(Beginning of Materials provided)

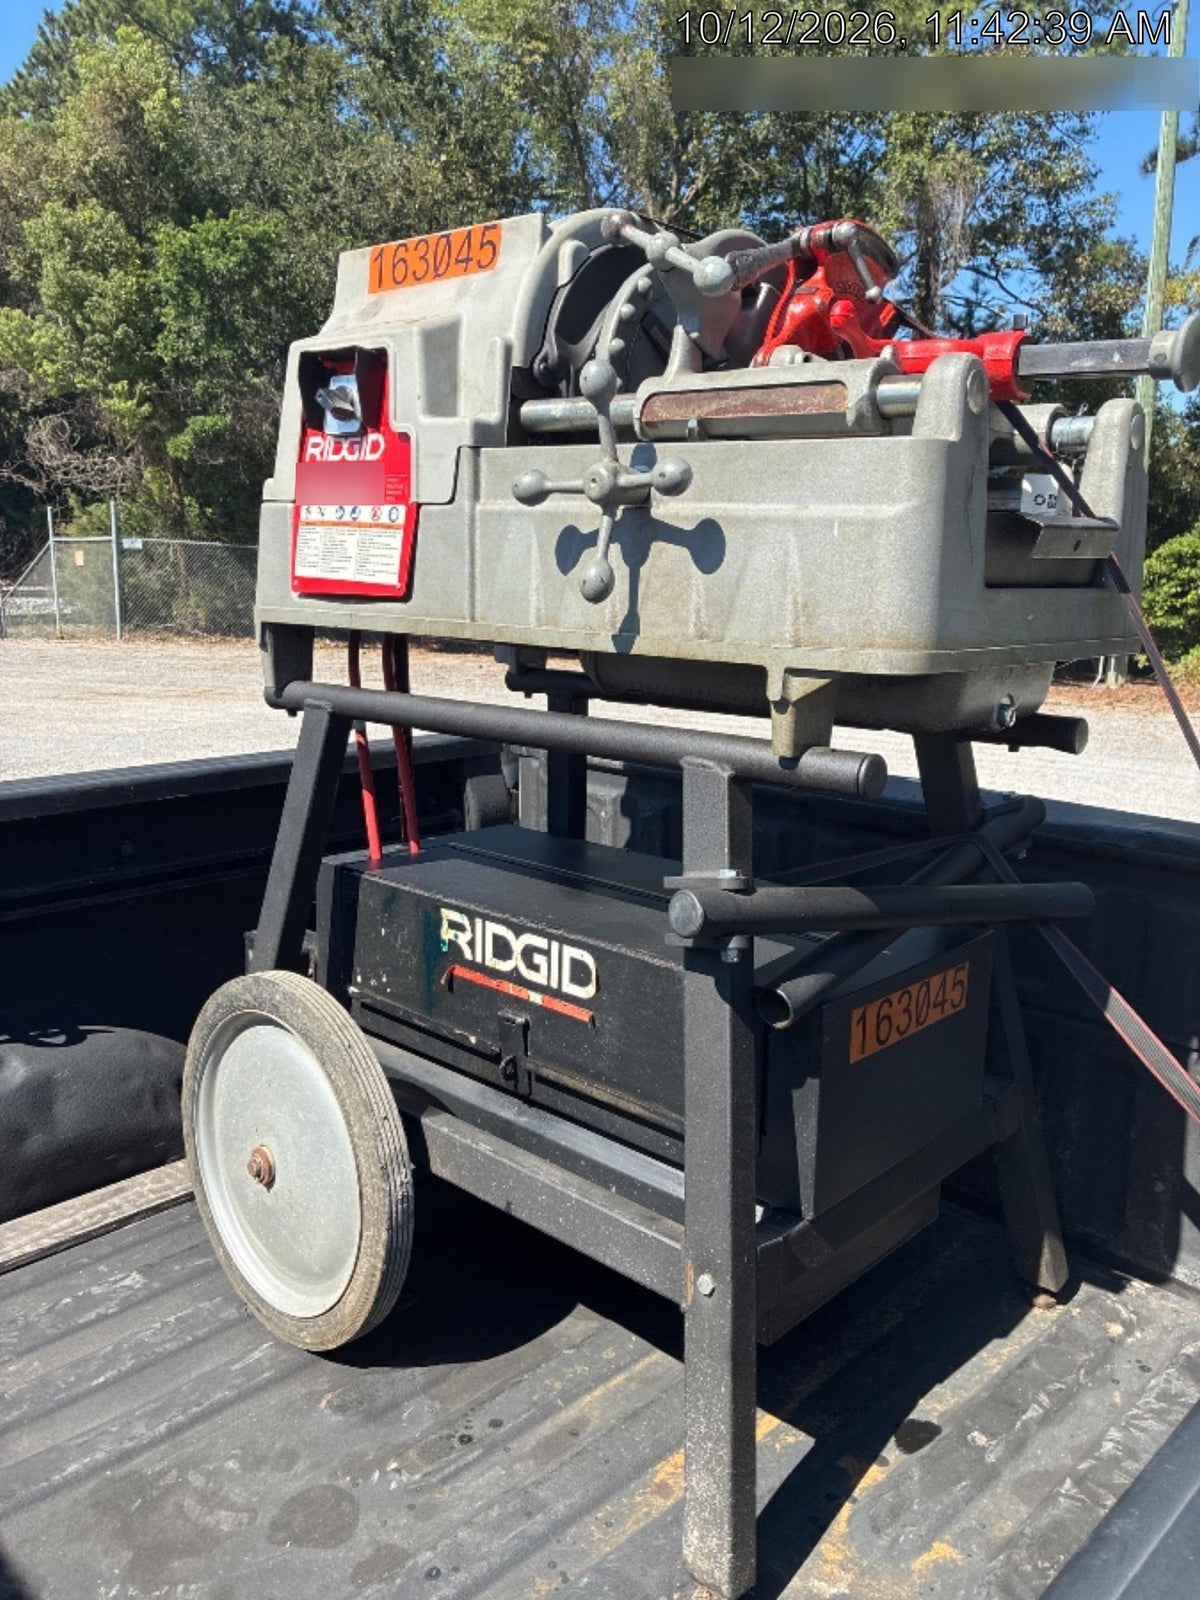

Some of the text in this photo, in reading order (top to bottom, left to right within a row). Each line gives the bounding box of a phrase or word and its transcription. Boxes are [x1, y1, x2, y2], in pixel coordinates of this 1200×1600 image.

[373, 223, 498, 288] 163045
[305, 433, 385, 462] RIDGID
[440, 907, 597, 999] RIDGID
[857, 964, 966, 1055] 163045
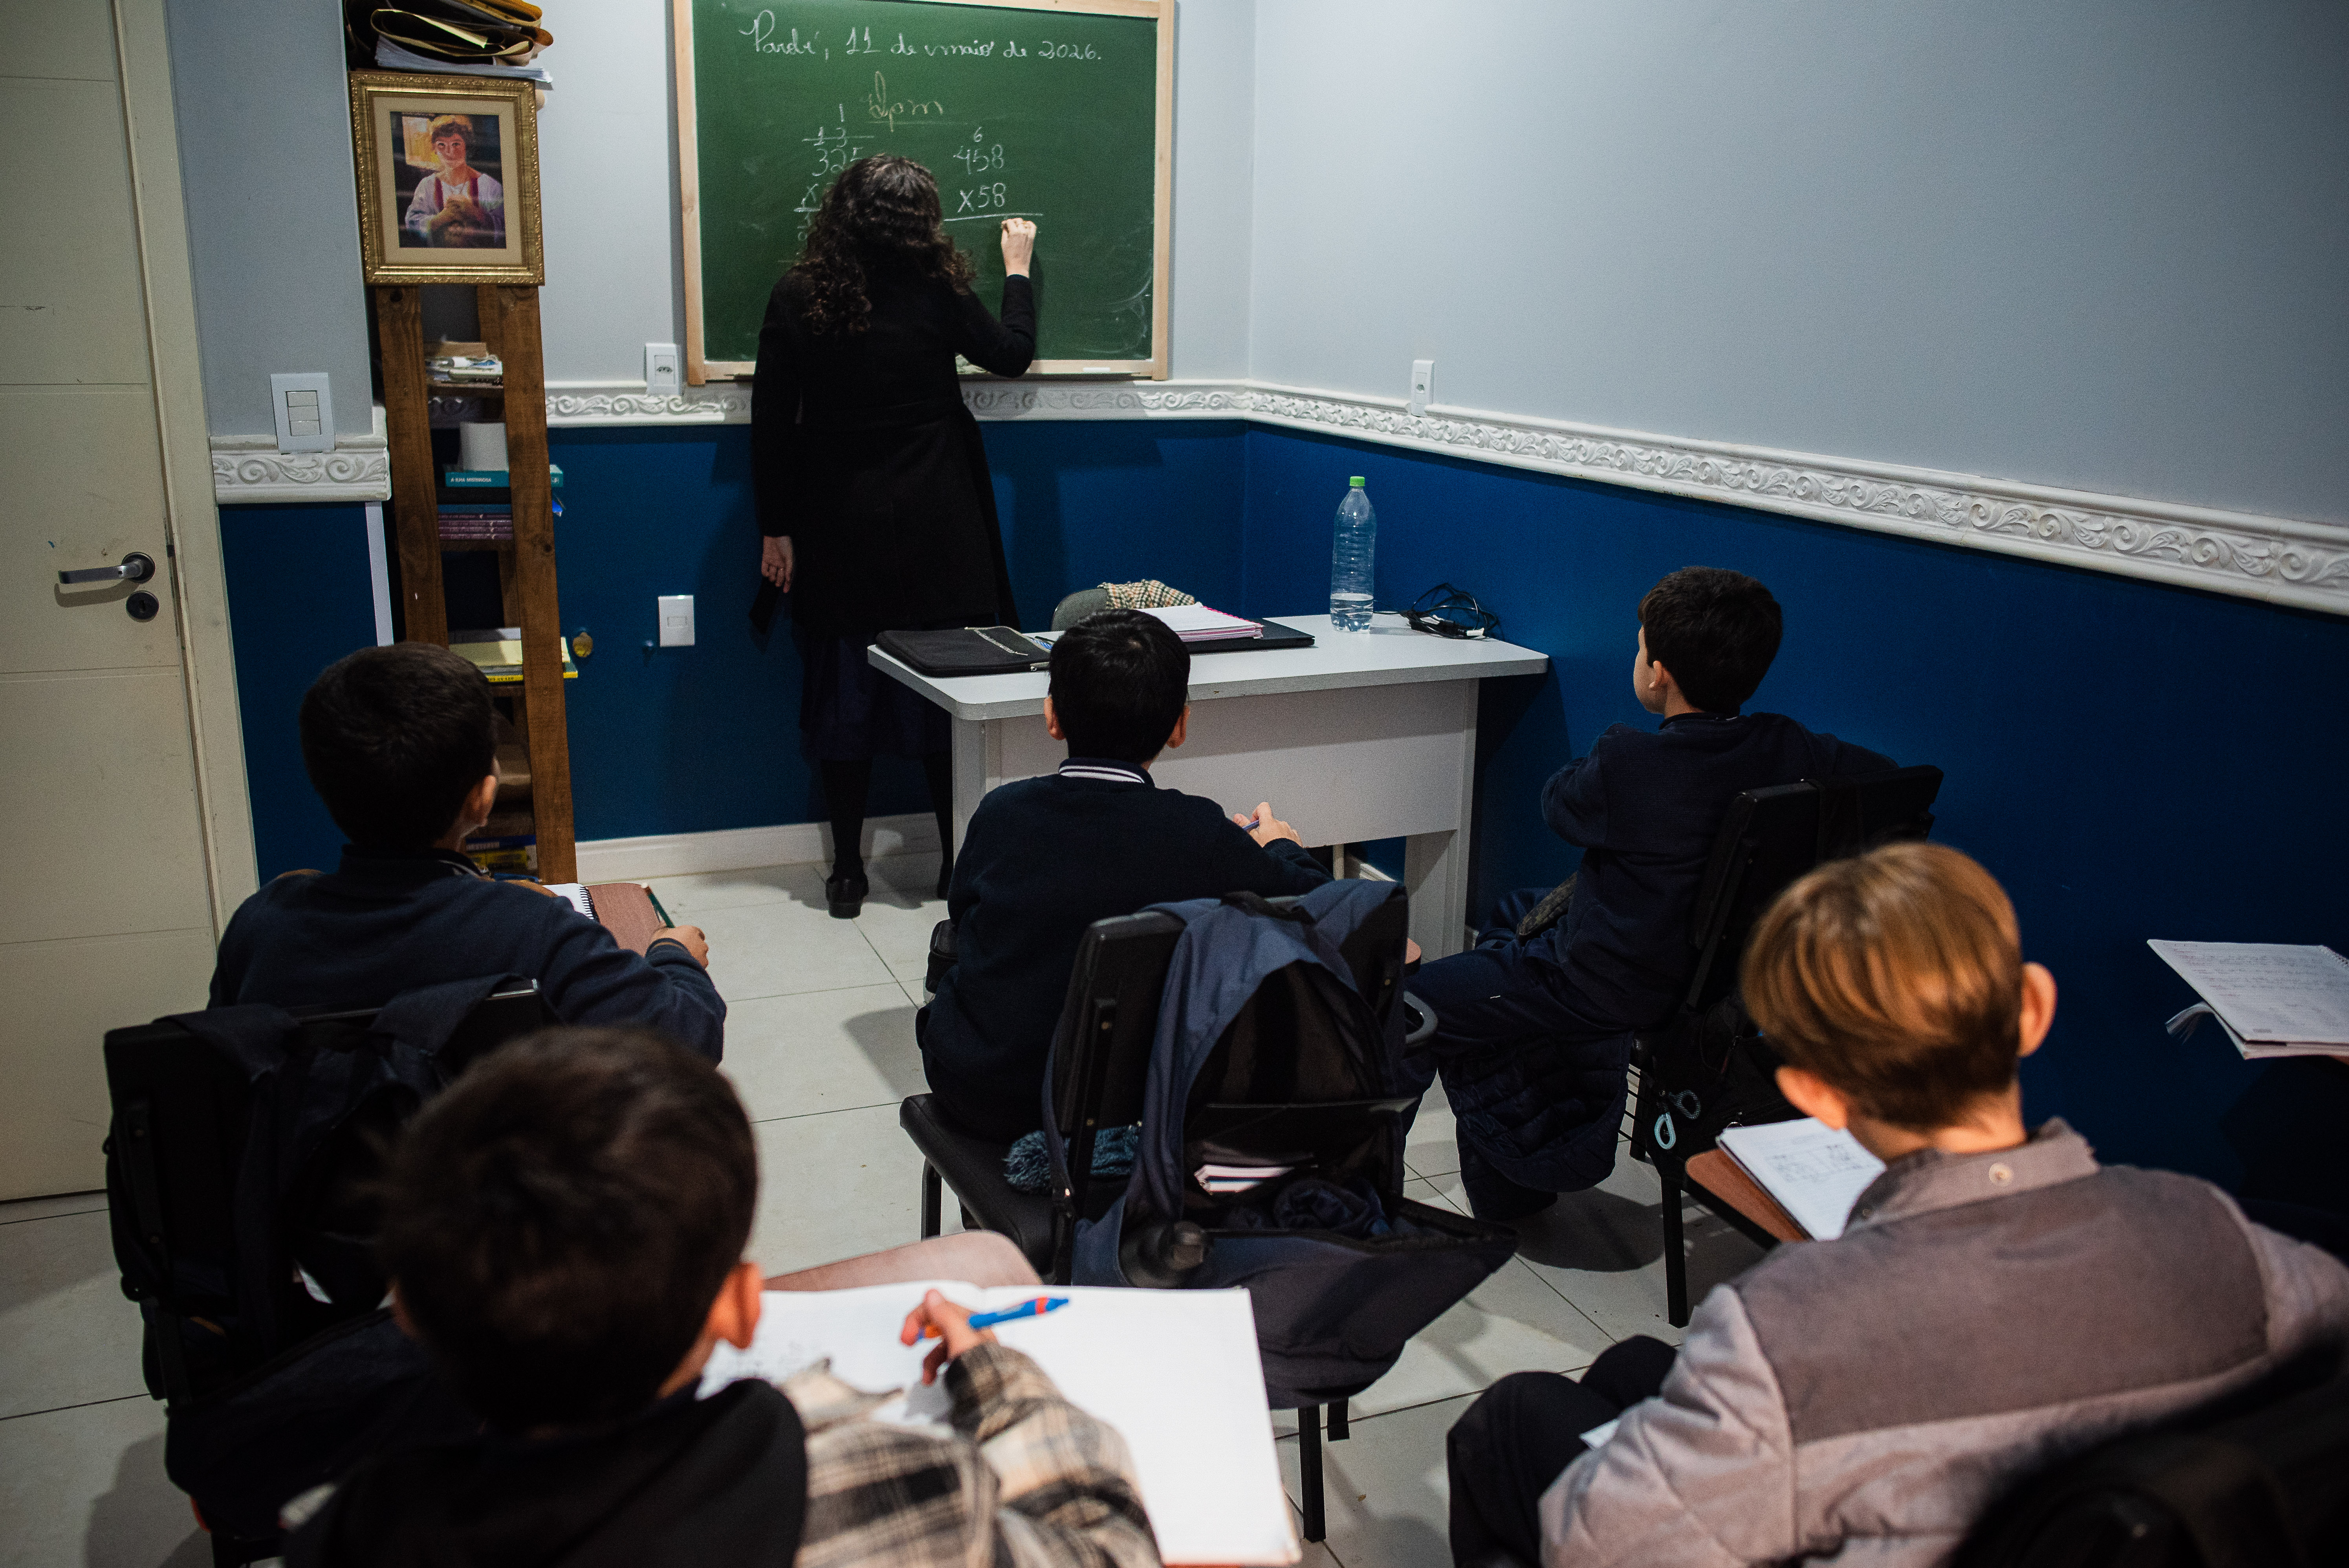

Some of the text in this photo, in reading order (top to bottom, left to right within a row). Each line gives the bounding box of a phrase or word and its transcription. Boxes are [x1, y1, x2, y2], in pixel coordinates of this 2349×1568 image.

[846, 26, 880, 55] 11
[890, 33, 917, 55] de
[1003, 40, 1027, 58] de
[973, 126, 982, 142] 6
[953, 144, 1004, 175] 458
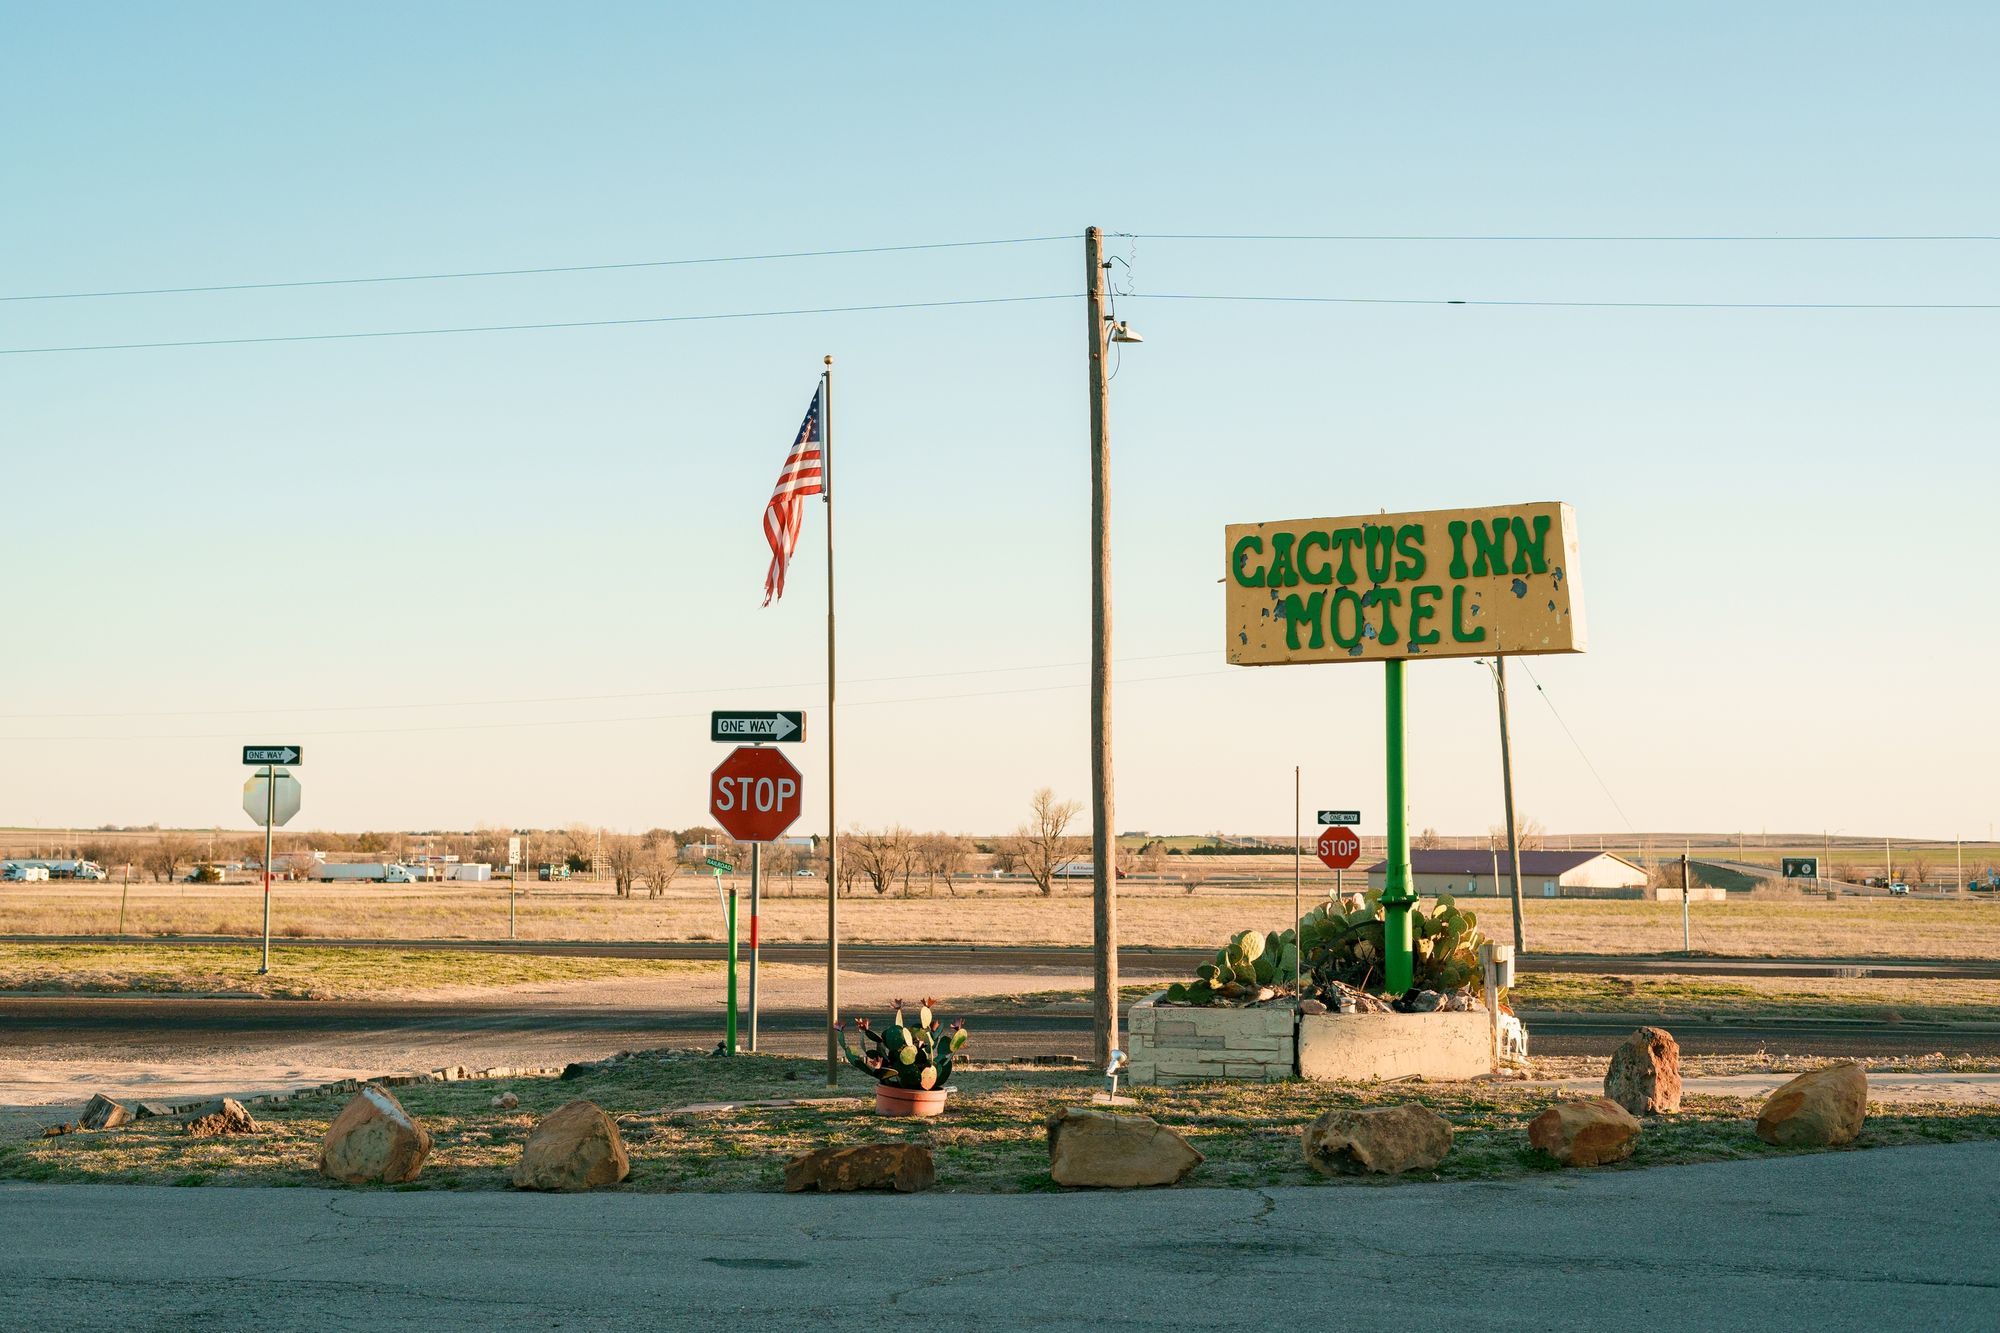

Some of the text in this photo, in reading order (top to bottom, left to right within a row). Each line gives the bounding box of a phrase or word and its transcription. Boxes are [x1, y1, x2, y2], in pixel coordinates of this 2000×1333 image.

(End of Materials provided)

Although the records contain pictures, the copy should consist of their text alone, reproduced exactly.

Some of the text in this photo, in reading order (top to bottom, left to right within a row). Each line gives the bounding box of a phrase or word and its transcription. Boxes are [x1, y1, x2, y2], in pixel coordinates of this 1200×1600 image.

[373, 223, 498, 288] 163045
[305, 433, 385, 462] RIDGID
[440, 907, 597, 999] RIDGID
[857, 964, 966, 1055] 163045

Some of the text in this photo, in reading order (top to bottom, left to right within a row). Each line gives the bounding box of a phrase or word and its transcription. Boxes are [x1, y1, x2, y2], in pixel coordinates of this 2349×1568 image.

[846, 26, 880, 55] 11
[890, 33, 917, 55] de
[1003, 40, 1027, 58] de
[973, 126, 982, 142] 6
[953, 144, 1004, 175] 458

Some of the text in this photo, in reading order (top to bottom, left to right within a row). Each line gives the bounding box of a phrase or word and its transcription. Boxes are [x1, y1, x2, y2], in pixel coordinates of this 2000×1333 image.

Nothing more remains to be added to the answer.